BAB 6.

84 3 0
                                    

"Nindy, aku duluan ya,"

"Iya, Yun. Hati-hati ya."

Bel pulang sekolah sudah berbunyi beberapa menit yang lalu. Tak sampai 10 menit setelah bel berbunyi, sekolah mulai sepi, apalagi sudah pukul 5 sore. Tersisalah Nindy seorang diri di ruang kelas 11 IPA 2, menatap sampah-sampah bungkusan makanan yang berserakan di lantai.

Nindy menghela nafasnya lalu bergegas mengambil peralatan untuk bersih-bersih seperti sapu dan serokan sampah.

"Apa susahnya, sih, buang sampah langsung ke tempat sampahnya?" gumam Nindy.

"Tong sampahnya, loh, dekat, nggak perlu jauh-jauh sampe gerbang depan, kan, cuam buat buang sampah." Nindy masih saja menggerutu sendirian, tetapi tetap melaksanakan tugas bersih-bersihnya.

Nindy memang merupakan seorang gadis yang sangat anti dengan sampah, sewaktu kecil cita-citanya ingin menjadi duta lingkungan, karena ia sangat menyukai kebersihan. Seperti hari ini, jadwal piket sebenarnya sudah ditentukan, tetapi masih banyak yang belum bertanggung jawab atas tugas yang sudah diberikan.

"Loh, Nin, sendirian?" Nindy menoleh ke arah pintu, seseorang baru saja masuk. Nindy hanya mengangguk lalu kembali melanjutkan aktivitasnya.

"Siapa aja temen sepiket kamu?" tanya Ardi sambil berjalan ke arah tempelan kertas di mading kelas berisikan daftar piket kelas 11 IPA 2.

"Aku nggak piket hari ini, Di." Ardi menoleh bingung.

"Lah, terus? Kenapa kamu nyapu?"

"Ya mau gimana lagi, Di, aku nggak suka liat kelas berantakan gini. Kalo piketnya besok pagi mah nggak bakal sempat."

Nindy mengangkut serokan yang berisi sampah keluar kelas untuk dibuang ke tempat sampah. Ardi hanya mengangguk-anggukkan kepalanya.

"Nih, aku udah selesai. Yuk, pulang." Ajak Nindy sembari menyandang tasnya.

"Pulang?" tanya Ardi sedikit tersentak dengan perkataan Nindy.

"Iya, memangnya kamu masih mau disini sampai kapan?"

"Oalah, aku pikir kamu ngajak aku pulang bareng." gumam Ardi sangat amat teramat pelan.

"Kamu ngomong apa barusan?" Ardi baru tersadar kalau kalimat yang ada di batinnya mengalir ke mulut.
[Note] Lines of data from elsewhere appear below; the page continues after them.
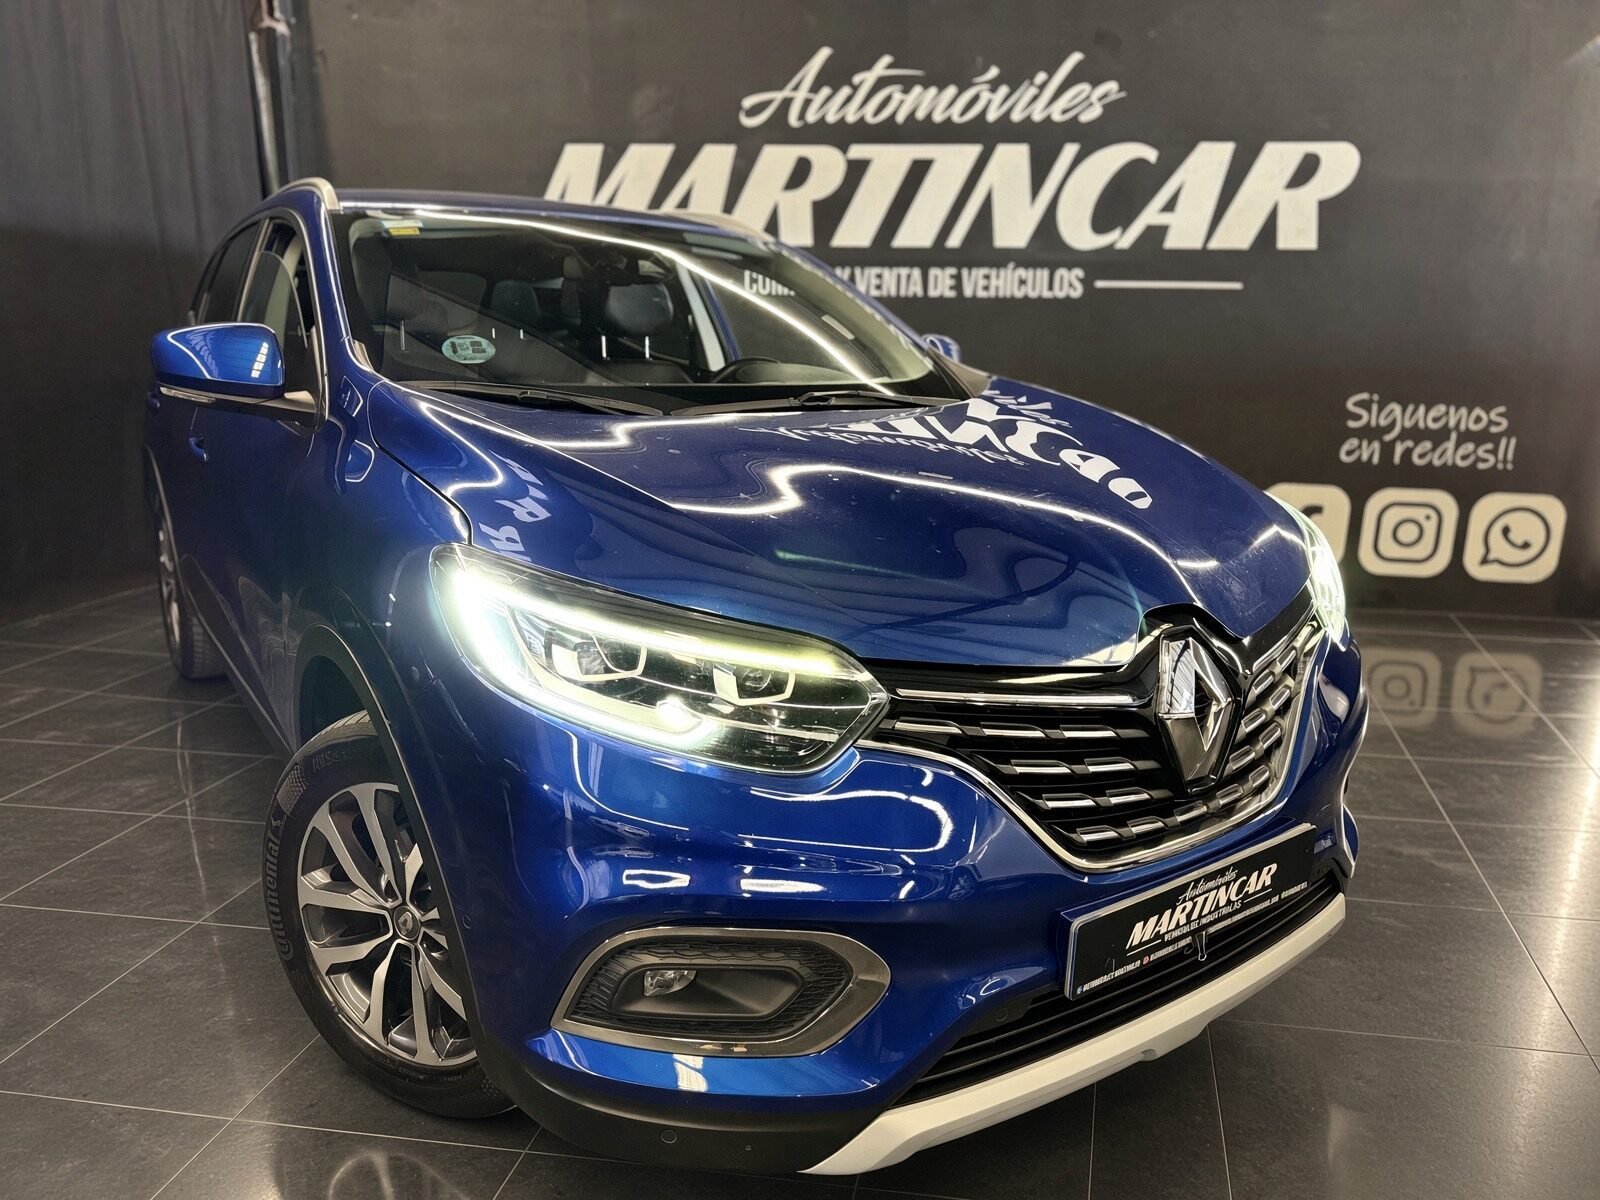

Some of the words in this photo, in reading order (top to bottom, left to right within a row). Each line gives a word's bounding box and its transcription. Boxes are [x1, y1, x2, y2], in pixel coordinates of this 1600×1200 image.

[738, 45, 1127, 128] Automóviles
[542, 140, 1361, 251] MARTINCAR
[854, 266, 924, 298] VENTA
[927, 266, 958, 298] DE
[961, 261, 1086, 299] VEHÍCULOS
[1339, 436, 1381, 466] en
[1393, 429, 1517, 471] redes!!
[1345, 391, 1509, 442] Siguenos
[1126, 862, 1278, 950] MARTINCAR
Untung saja Nindy tidak dengar.

"Nggak ada, hehe." Nindy hanya menatap bingung Ardi yang sedang tersenyum canggung lalu melangkah keluar kelas.
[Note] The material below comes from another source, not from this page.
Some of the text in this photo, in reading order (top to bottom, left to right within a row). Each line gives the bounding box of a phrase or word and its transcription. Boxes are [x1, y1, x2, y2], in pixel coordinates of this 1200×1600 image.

"Kalo gitu aku duluan ya. Daahh..." Nindy pun berlalu meninggalkan Ardi yang sedari tadi belum beranjak dari bangku guru.

"Astaga, ini mulut kok bisa-bisanya bocor gini dah," ucap Ardi sambil menepuk-nepuk mulutnya. Dia merasakan pipinya agak memanas, padahal cuaca sedang tidak panas dan tidak ada kejadian yang bisa membuat pipinya jadi sepanas ini.

"Aku kenapa?" gumamnya.

***

Hari ini pun terulang lagi. Ruang kelas selalu dibiarkan jorok dan berantakan. Mau tidak mau Nindy harus membereskan ini semua daripada besok ia harus belajar ditemani sampah bekas makanan dan minuman.
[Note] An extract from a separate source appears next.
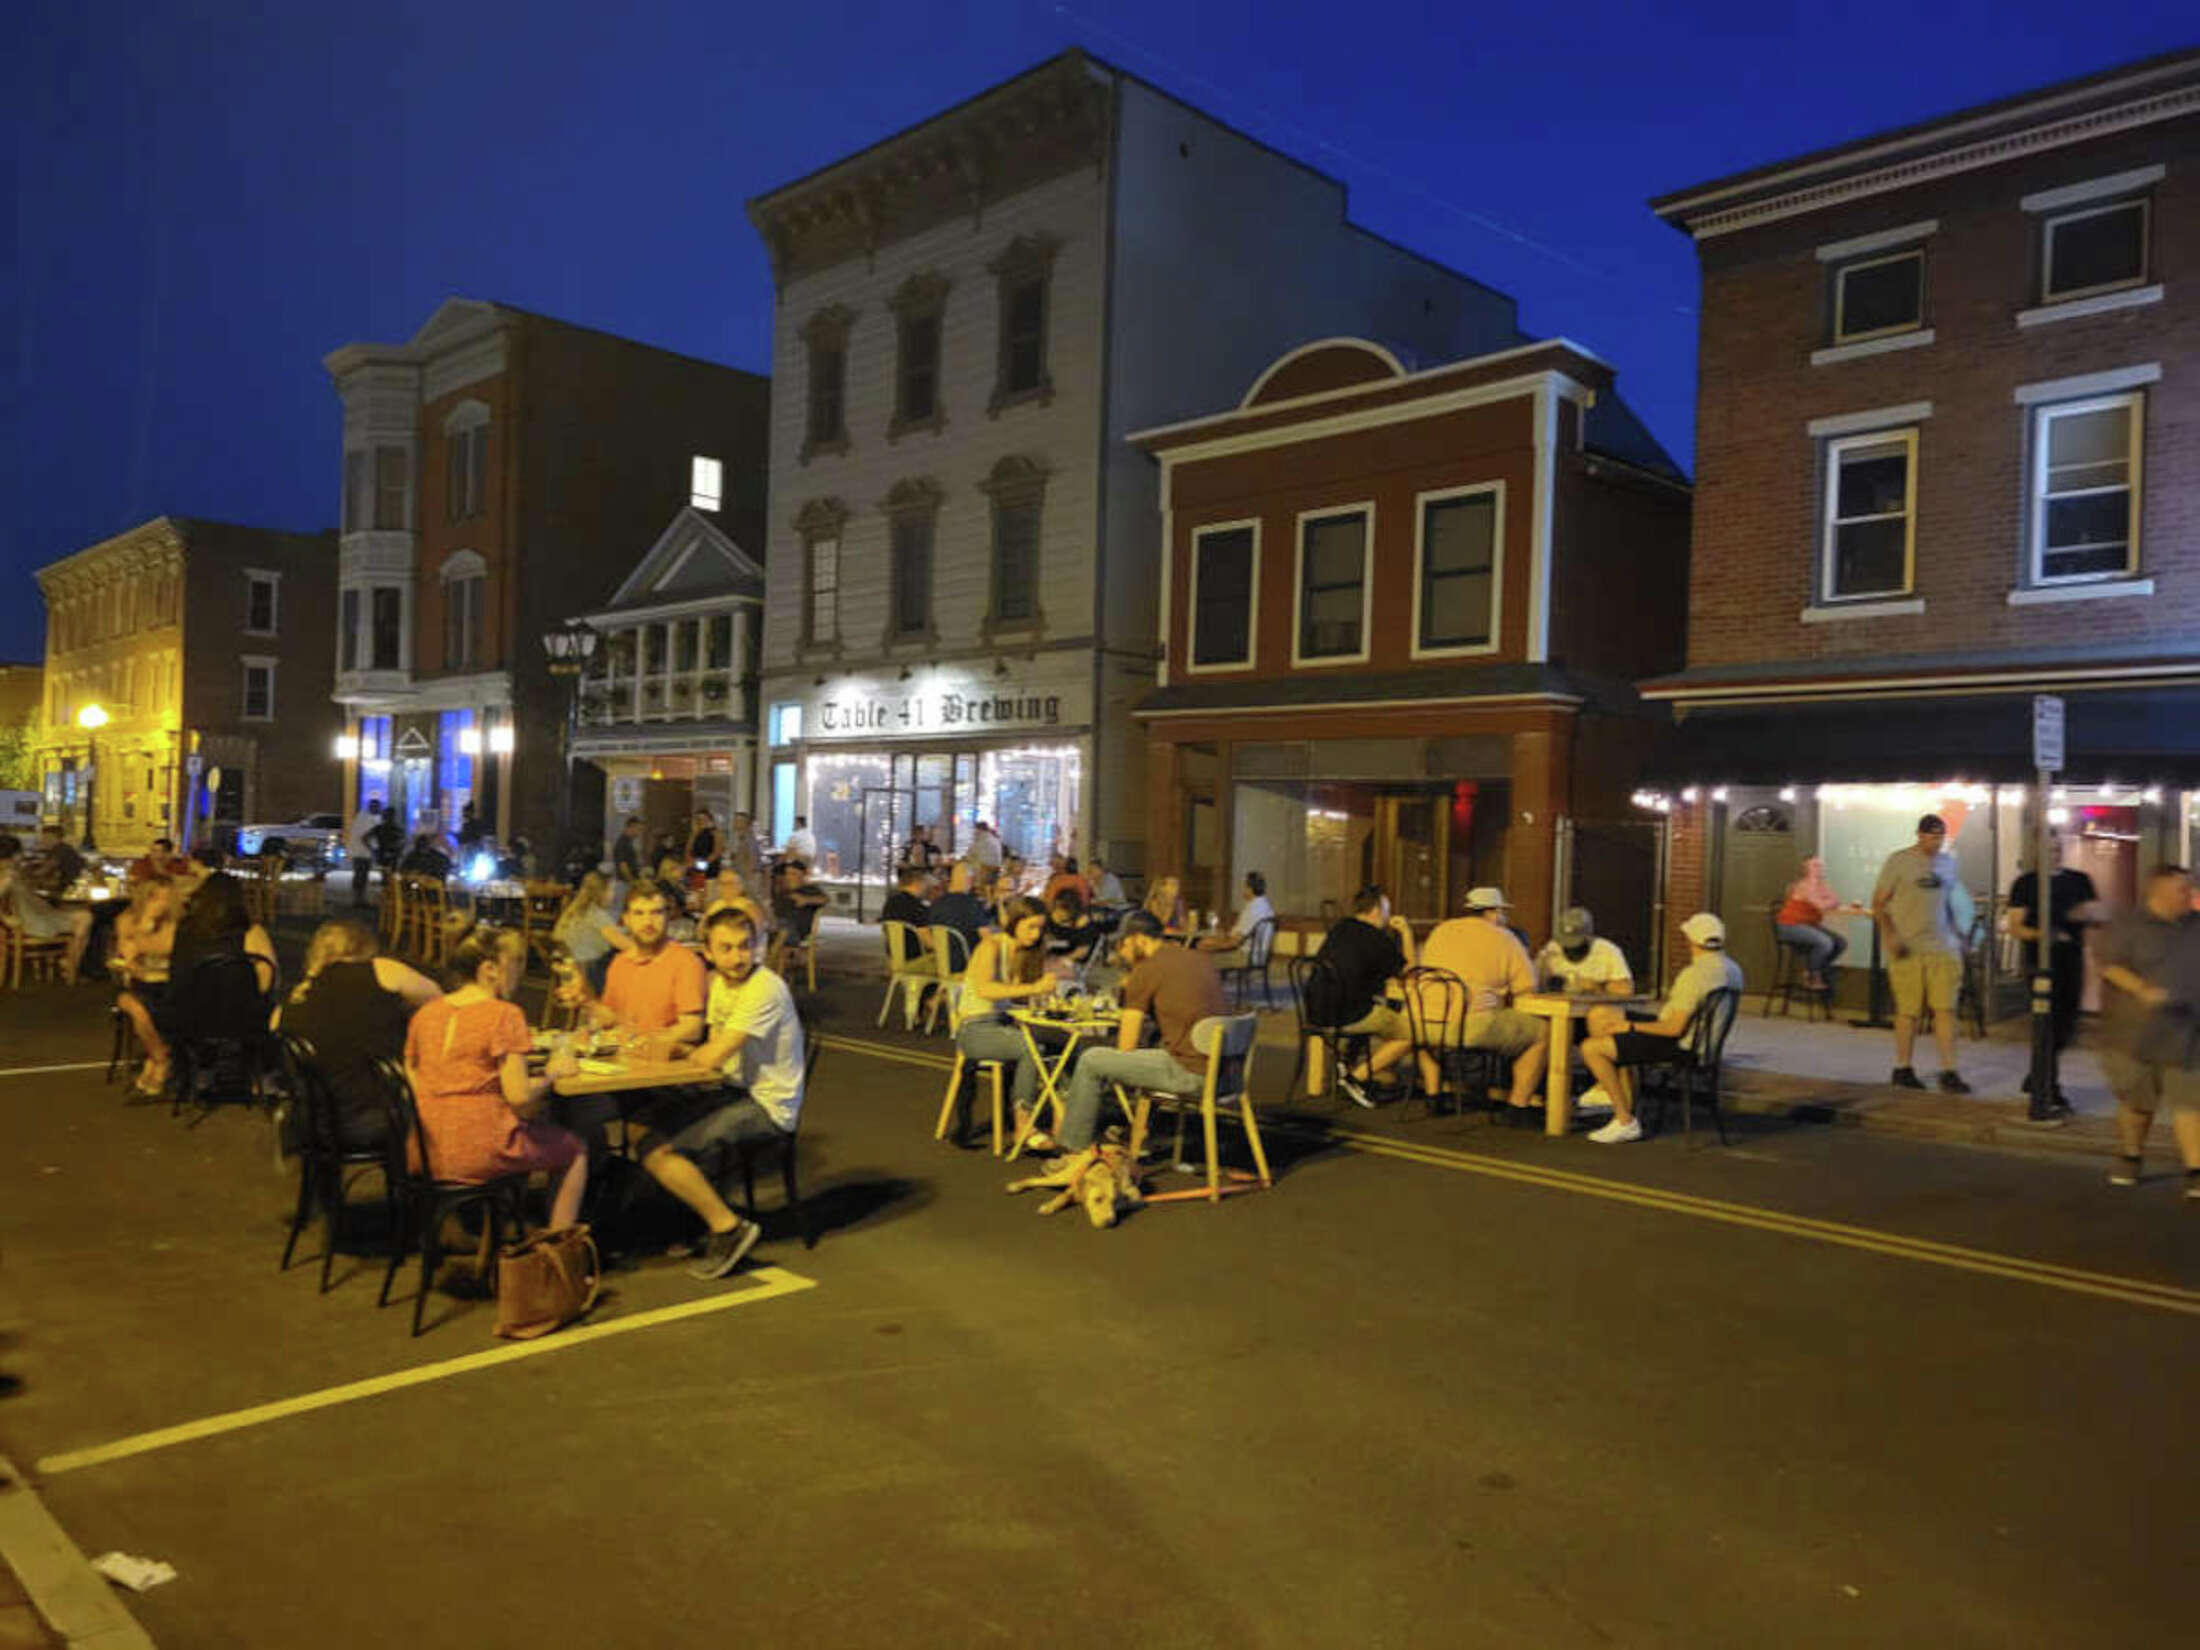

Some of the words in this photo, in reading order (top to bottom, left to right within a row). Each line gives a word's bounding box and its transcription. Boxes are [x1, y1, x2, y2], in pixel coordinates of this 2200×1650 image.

[822, 702, 888, 730] Table
[898, 699, 925, 727] 41
[941, 694, 1061, 724] Brewing
Semua sudah beres, Nindy pun mulai beristirahat. Tapi ia terkejut dengan kehadiran Ardi yang sekarang sedang menatapnya di bangku guru.

"Ya Allah, Dii. Kamu ngagetin aja!" ujar Nindy terduduk sambil memegang dadanya. Ardi tertawa kecil.

"Aku loh, udah daritadi disini. Masa kamu nggak sadar?"

"Kamu sih, dari tadi nggak bersuara, ya mana aku tahu kalo kamu disini." Ardi kembali tertawa kecil lalu bangkit, meletakkan sekaleng Coca Cola di hadapan Nindy.